Tokyo: Japan's economy isn't quite as weak as first thought, but it still needs help, the government said yesterday as it unveiled details of a new $11 billion (Dh40.37 billion) stimulus package.
Revised figures showed that gross domestic product expanded at an annualised rate of 1.5 per cent in the April-June period, an improvement on the meager 0.4 per cent reported in last month's preliminary report.
That report had indicated a barely growing economy and triggered widespread concern about the health of Japan's export-led recovery. The latest numbers, which put Japan on par with US growth rates, are better but not great. Growth has fallen sharply since the 5 per cent annualised rate recorded in the first quarter, and the future looks increasingly murky.
It was at least enough to buoy investor sentiment for the day. The Nikkei 225 stock average led regional gains, finishing up 140.78 points, or 1.6 per cent, at 9,239.17. The improved growth figure stemmed from higher capital spending by companies.
Corporate investment expanded 1.5 per cent, compared with 0.5 per cent growth in the Cabinet Office's preliminary figures.
The government, however, moved quickly to announce its latest plan to fend off worrying head winds. Prime Minister Naoto Kan's Cabinet approved new stimulus measures worth 915 billion yen. The previously announced package aims to boost domestic consumption, fight deflation and tackle fallout from a strong yen, which hit a new 15-year high this week.
Exports
A strong yen is painful for the country's vital exporters because it reduces the value of repatriated profits and makes their products less competitive overseas. Toyota Motor Corp. has said that every 1-yen climb versus the dollar saps 30 billion yen from operating profit.

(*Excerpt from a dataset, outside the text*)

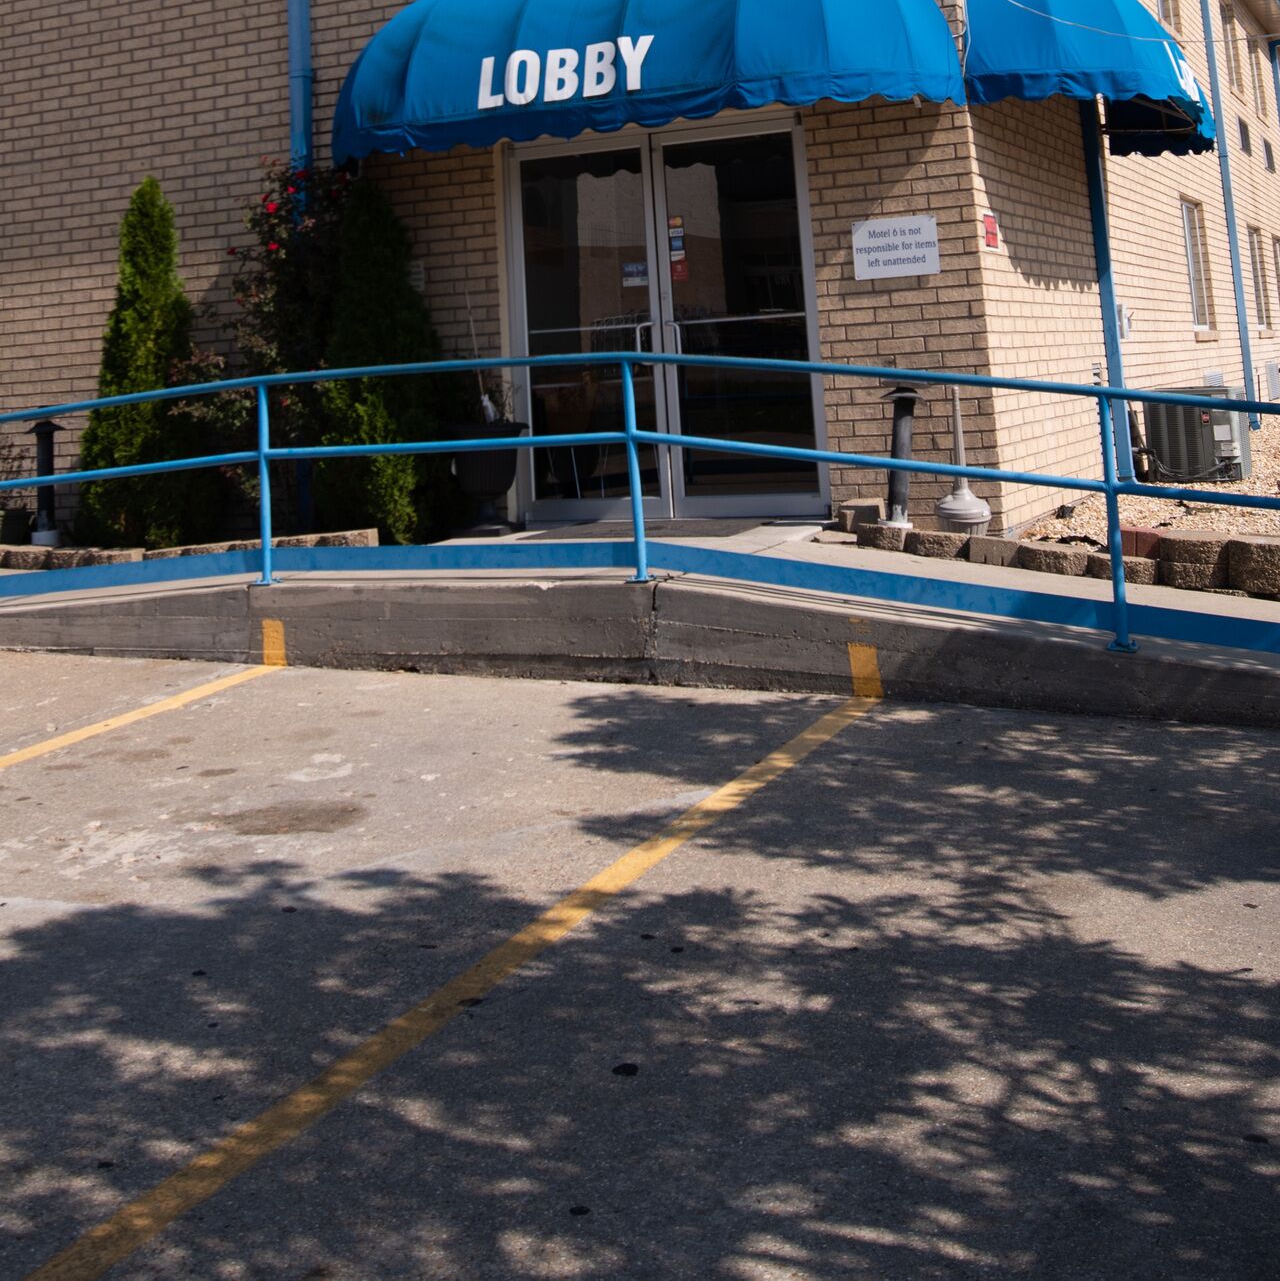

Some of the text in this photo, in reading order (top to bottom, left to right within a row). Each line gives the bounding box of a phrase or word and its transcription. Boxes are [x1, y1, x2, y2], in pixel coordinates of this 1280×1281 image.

The fresh injection sets Japan apart from the rest of the developed world, which is winding down stimulus spending even amid signs of a cooling global economy. Since Kan revealed his plans last month, the package has been criticised by analysts as too little to make any meaningful impact.
The government says the package will lead to 200,000 new jobs and raise GDP by about 0.3 per cent.
About half the money will go toward extending consumer subsidy programmes for energy efficient homes and appliances.
Other measures include job support programmes for new graduates and steps to convince companies to keep jobs in Japan instead of moving factories overseas because of the strong yen.